Catatan Paradoks; Wayan Suyadnya


HARI ini, 20 Mei 2025. Kalender mencatatnya sebagai Hari Kebangkitan Nasional. Pertanyaan dasarnya menggantung di udara, menatap kita dari balik cermin: Sudahkah kita bangkit?

Bangkit dari apa? Dari tidur panjang sejarah, dari kursi malas ketidakpedulian, dari jurang keterpurukan yang dipoles harapan palsu?

Bangkit…

Apakah kita sungguh tertidur, dibuai mimpi manis kemerdekaan dan pembangunan, hingga lupa bahwa mimpi itu bukanlah kenyataan?

Apakah kita duduk terlalu nyaman di sofa kebiasaan, menonton dunia berjalan sambil kita tetap diam?

Ataukah baru sekarang kita sadar, bahwa kemerosotan itu nyata, bahwa kita harus meretas jalan, menerobos penghalang?

Dulu, kebangkitan bermakna perlawanan: melawan penjajahan, mengusir kekuasaan asing dari tubuh bangsa.

20 Mei dikenang sebagai tanggal sakral kesadaran kolektif—hari ketika sekelompok anak bangsa berkata: cukup sudah tunduk, saatnya bangkit.

Sekarang? Tak ada penjajah dalam bentuk lama. Tapi bukankah penindasan juga bisa berwujud modern—penjajahan oleh kemalasan, oleh sistem yang timpang, oleh mentalitas instan, oleh kecanduan kenyamanan?

Apakah kita masih butuh momentum untuk bangkit? Bukankah seharusnya kebangkitan menjadi sikap, bukan upacara tahunan?

Kita telah merdeka, tapi merdeka bukan akhir, ia adalah awal. Dan seperti buku kosong, kemerdekaan hanya berarti bila kita menuliskannya dengan tindakan. Sudahkah kita menuliskannya?

Mari sejenak menunduk ke tanah kelahiran, ke Bali—pulau para dewa yang ditopang oleh pariwisata.

Ketika pandemi COVID-19 menyapu dunia, Bali tak hanya diserang oleh virus, tapi dihantam oleh sunyinya kedatangan.

Bandara lengang, hotel kosong, pasar tradisional berteriak dalam diam.
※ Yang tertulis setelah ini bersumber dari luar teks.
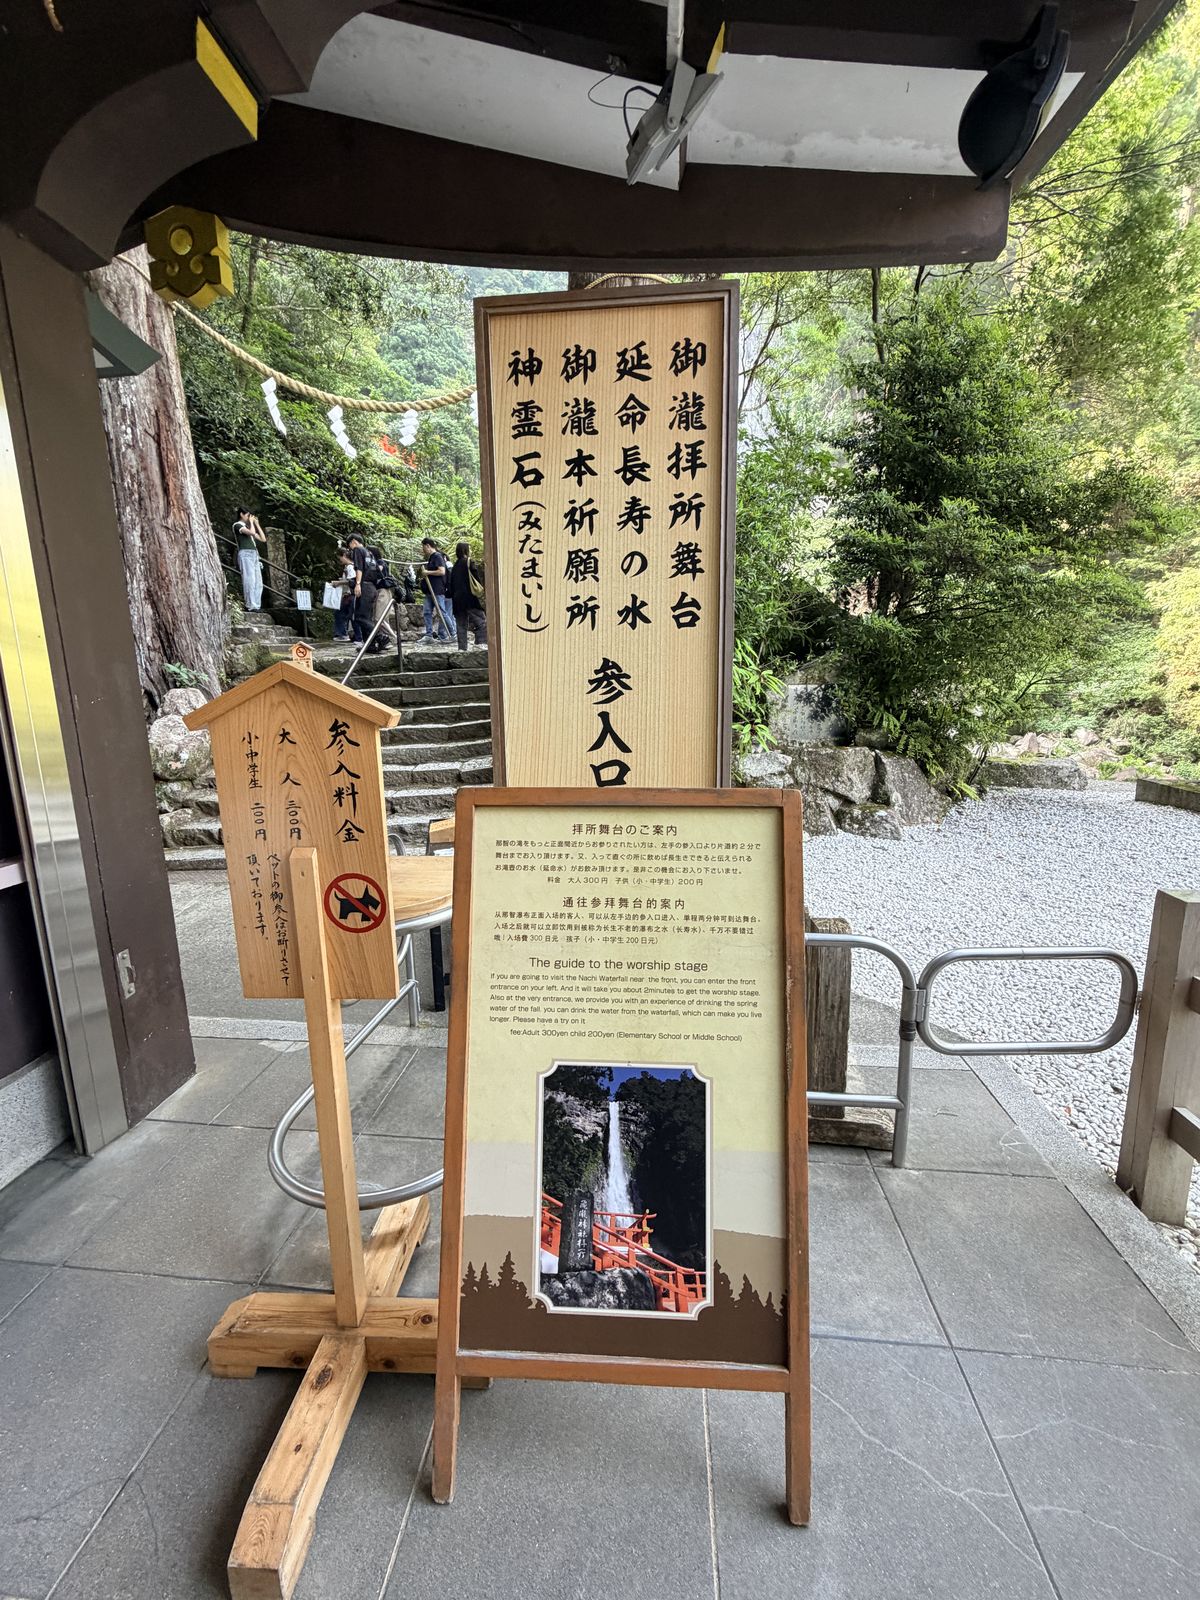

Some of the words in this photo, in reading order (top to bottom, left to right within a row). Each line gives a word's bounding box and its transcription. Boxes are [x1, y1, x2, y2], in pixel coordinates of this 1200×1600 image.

[612, 339, 653, 632] 延命長寿の水
[586, 657, 633, 788] 参入口
[323, 718, 364, 843] 参入料金
[572, 824, 678, 836] 拝所舞台のご案内
[529, 957, 550, 968] The
[554, 958, 585, 969] guide
[589, 960, 601, 969] to
[604, 959, 623, 969] the
[627, 960, 671, 971] worship
[674, 961, 708, 972] stage
[740, 978, 756, 986] front
[712, 988, 738, 996] worship
[696, 999, 722, 1007] drinking
[736, 1000, 758, 1008] spring
[588, 1006, 599, 1014] the
[513, 1015, 535, 1023] Please
[537, 1016, 553, 1024] have
[560, 1017, 569, 1025] try
[542, 1029, 568, 1037] 300yen
[588, 1030, 614, 1038] 200yen
[616, 1031, 656, 1039] (Elementary
[658, 1032, 681, 1040] School
[692, 1033, 714, 1041] Middle
[716, 1034, 742, 1042] School)
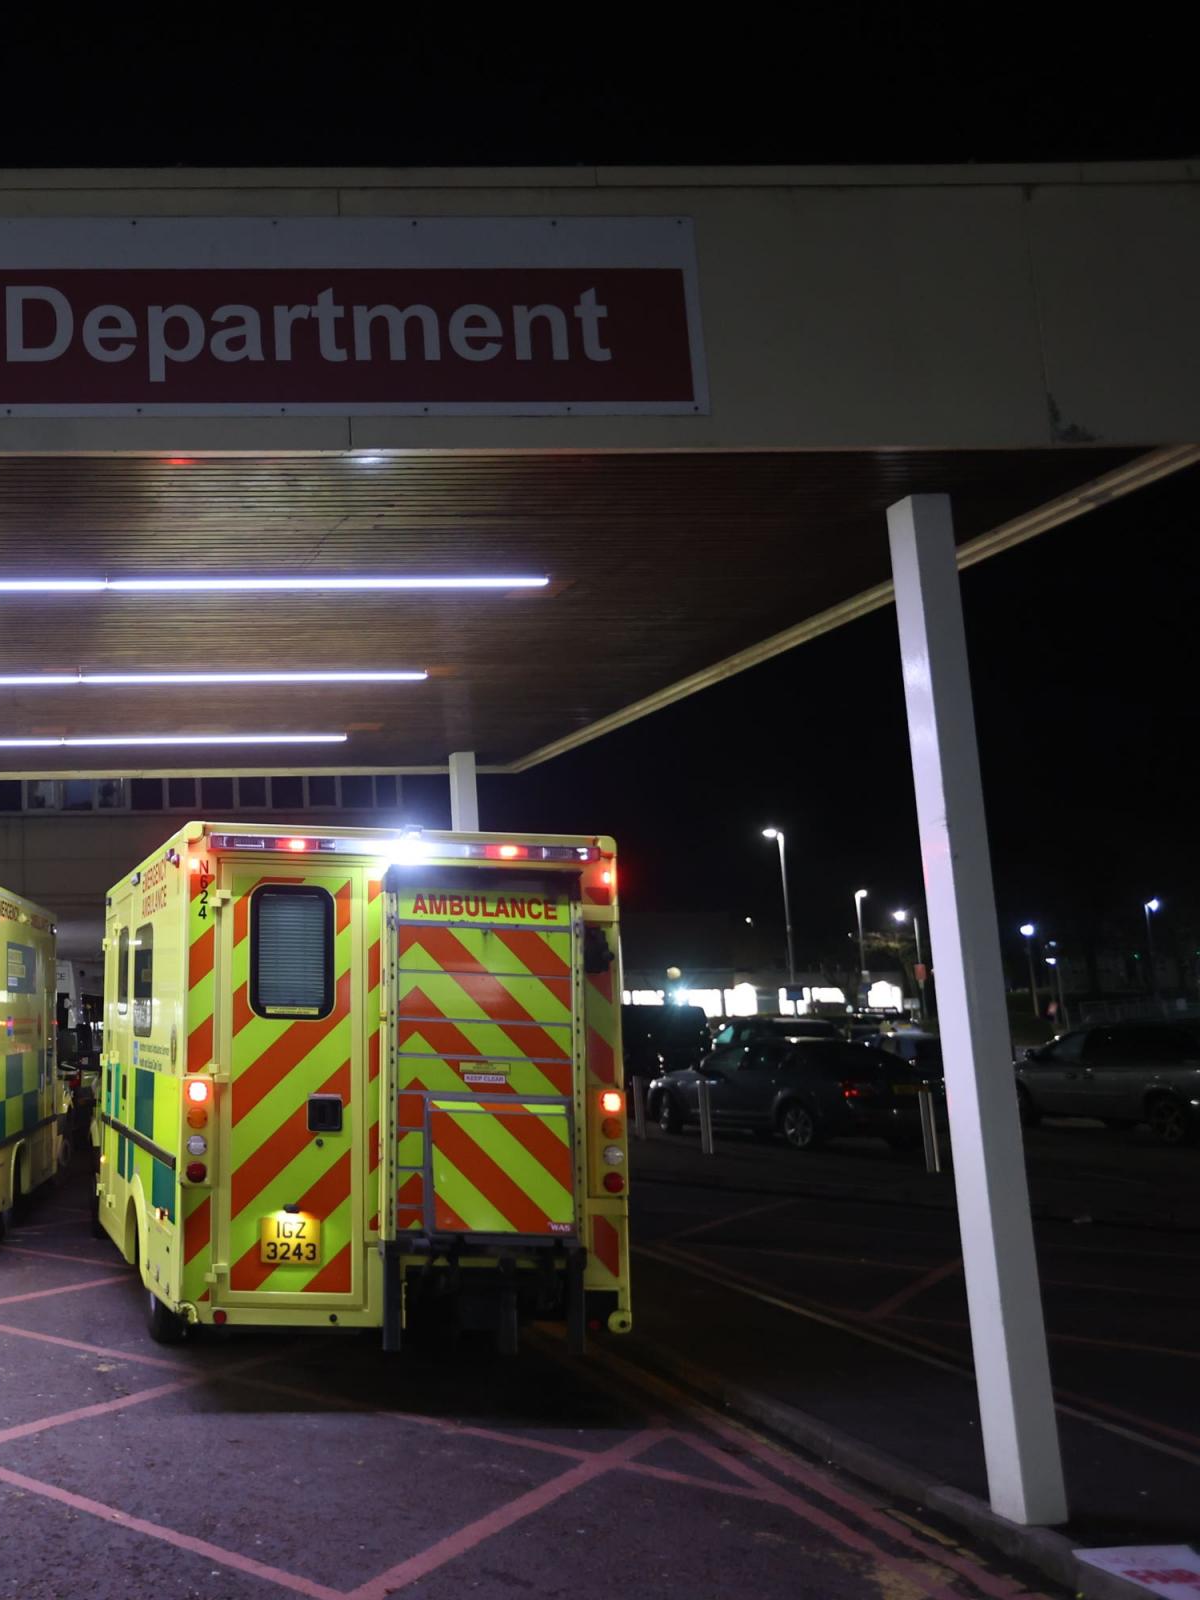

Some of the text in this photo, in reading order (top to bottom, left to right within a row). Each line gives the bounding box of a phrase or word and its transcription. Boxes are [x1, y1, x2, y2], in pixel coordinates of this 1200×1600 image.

[4, 284, 613, 382] Department
[412, 893, 558, 921] AMBULANCE
[276, 1221, 306, 1239] IGZ
[266, 1242, 317, 1261] 3243
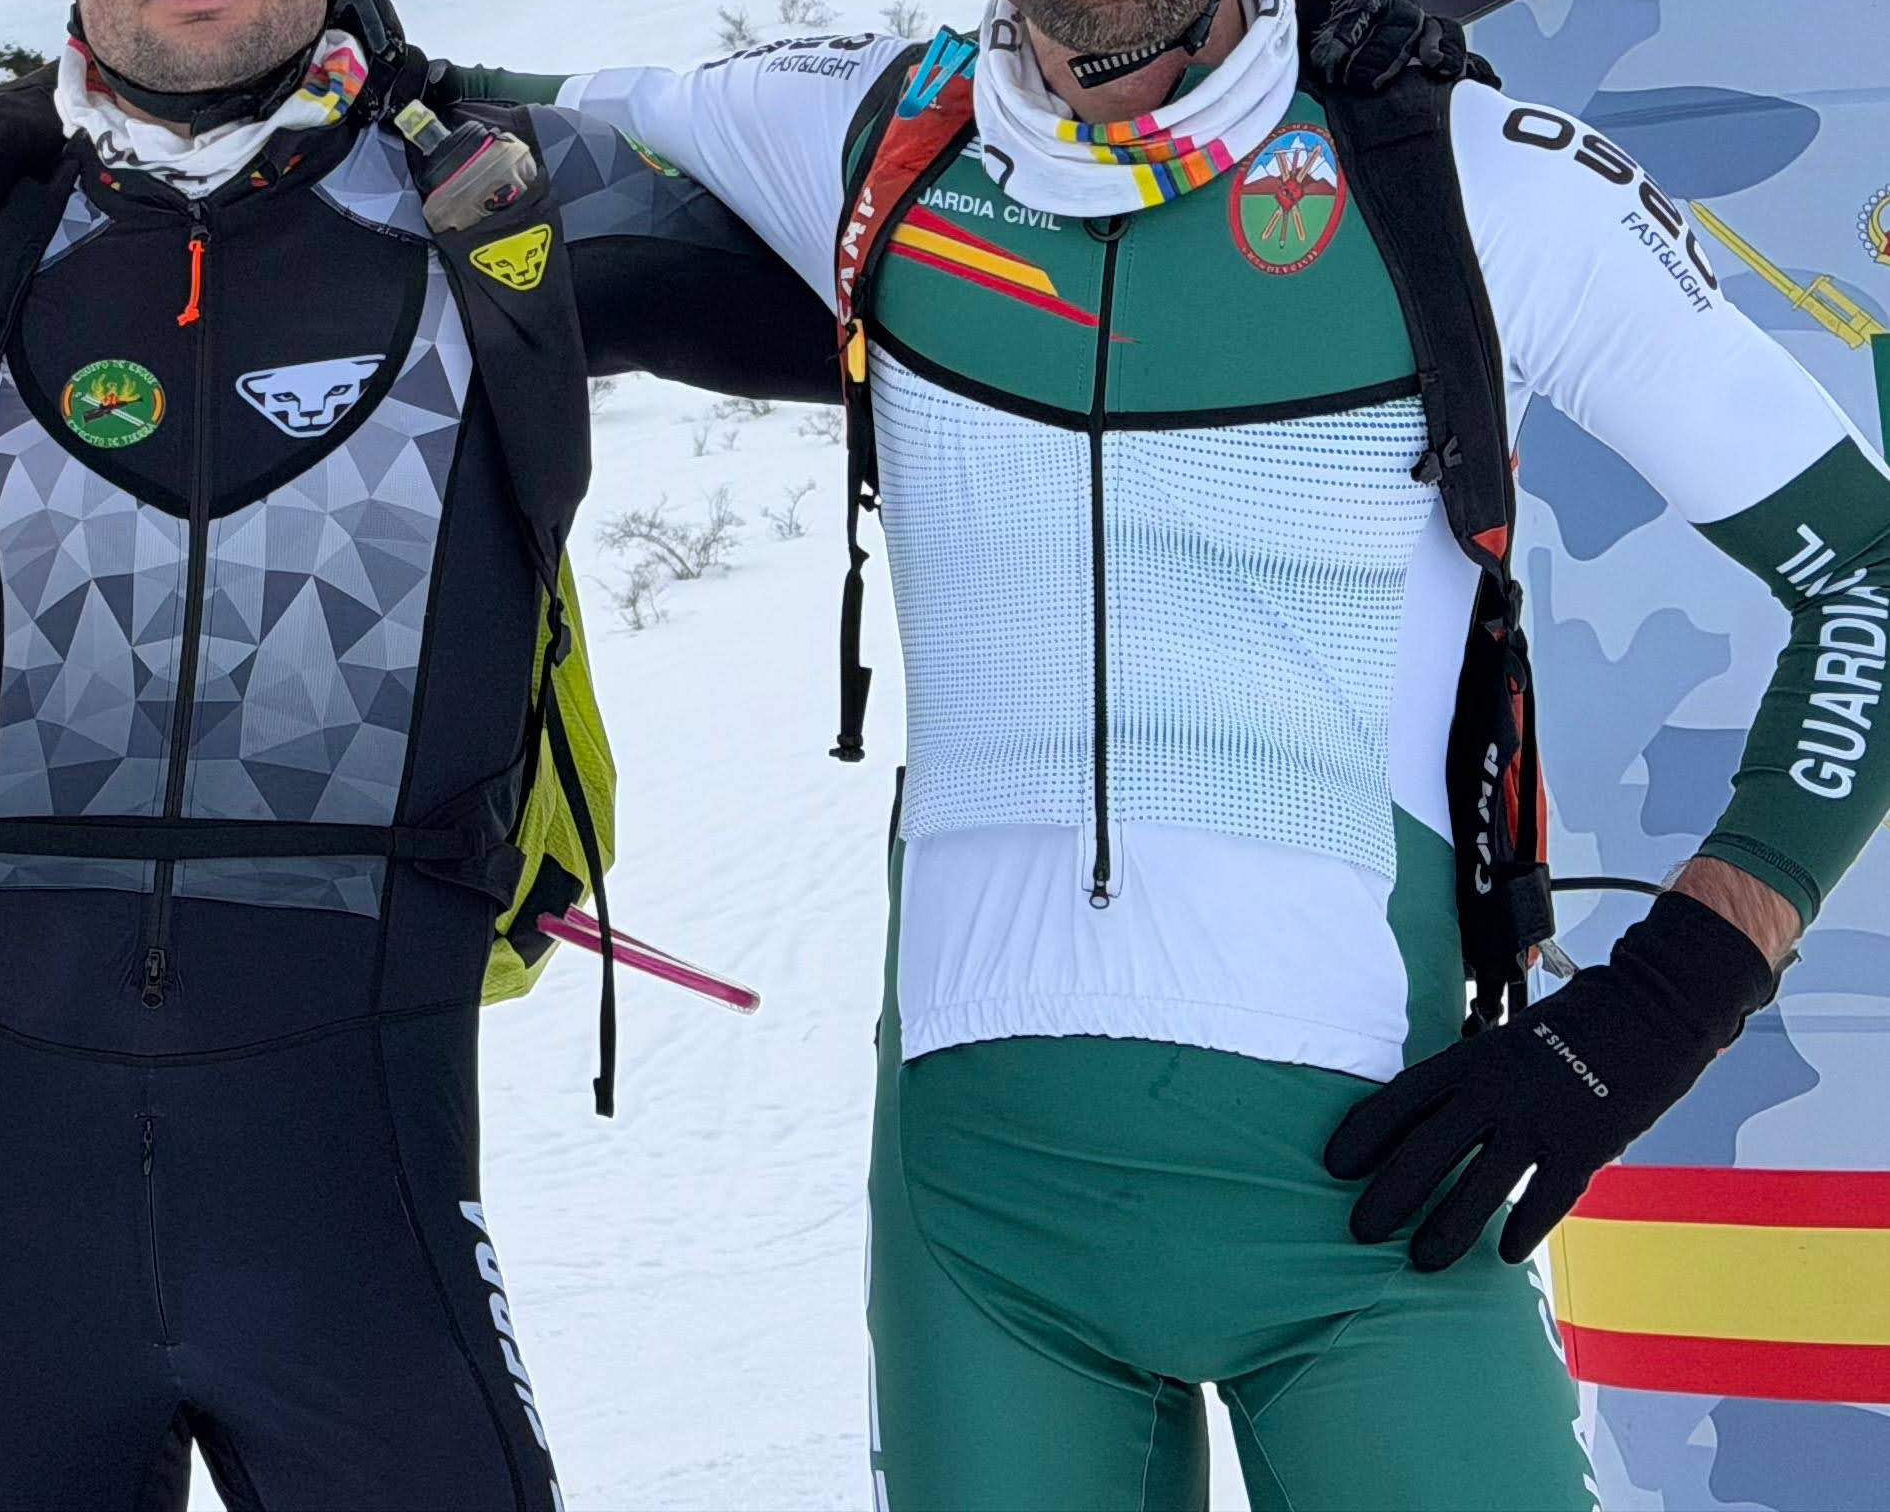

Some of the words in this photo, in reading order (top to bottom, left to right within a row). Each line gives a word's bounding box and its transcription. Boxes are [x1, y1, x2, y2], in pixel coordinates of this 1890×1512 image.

[766, 54, 860, 81] FAST&LIGHT
[838, 186, 876, 327] CAMP
[917, 187, 995, 219] UARDIA
[1003, 204, 1062, 231] CIVIL
[1620, 210, 1713, 313] FAST&LIGHT
[1789, 586, 1890, 799] GUARDIA
[1474, 742, 1499, 895] CAMP
[1546, 1034, 1609, 1098] SIMOND
Lapar menjadi lawan yang lebih nyata daripada demam dan batuk.

Maka, kebangkitan di Bali bukan hanya soal bertahan hidup dari virus, tapi menemukan cara hidup baru saat tamu tak datang, ini jauh lebih subtansif bagi Bali.

Di Bali, menjaga keamanan bukan sekadar menutup pagar dari maling, tapi memastikan wisatawan merasa aman melangkah di trotoar, nyaman duduk di warung, damai dalam tidur di vila. Merekonstruksi keamanan model ini jauh lebih penting dari sekadar pasang CCTV.

Membersihkan sampah bukan sekadar bersih-bersih, tapi mencipta ruang yang mengundang, yang menggoda wisatawan datang, tinggal, dan datang kembali.

Bali tak hanya sekadar membutuhkan bersih tanpa sampah, melainkan jauh dari itu, Bali pulau yang tenget, sakral, bersih dan suci. Kalau hanya bersih dari sampah, setiap hari sebelum maturan pasti bersih-bersih, tapi tidak hanya itu yang dicari.

Kebangkitan di Bali adalah berpikir jernih di tengah kabut keraguan. Adalah mencintai tanah ini bukan karena indahnya, tapi karena kita harus merawatnya.

Kebangkitan adalah cara kita bertahan tanpa tamu, lalu bangkit bukan untuk kembali ke keadaan semula, tapi menjadi lebih dari sebelumnya.

Dunia memang paradoks. Kita bebas tapi terbelenggu. Kita merdeka tapi sering lupa bersyukur. Kita hidup, tapi tak selalu sungguh-sungguh hidup.

Hari ini, 20 Mei 2025. Kebangkitan bukan slogan. Ia adalah pilihan. Ia adalah keberanian untuk bangun, membuka mata, dan berjalan meski tertatih.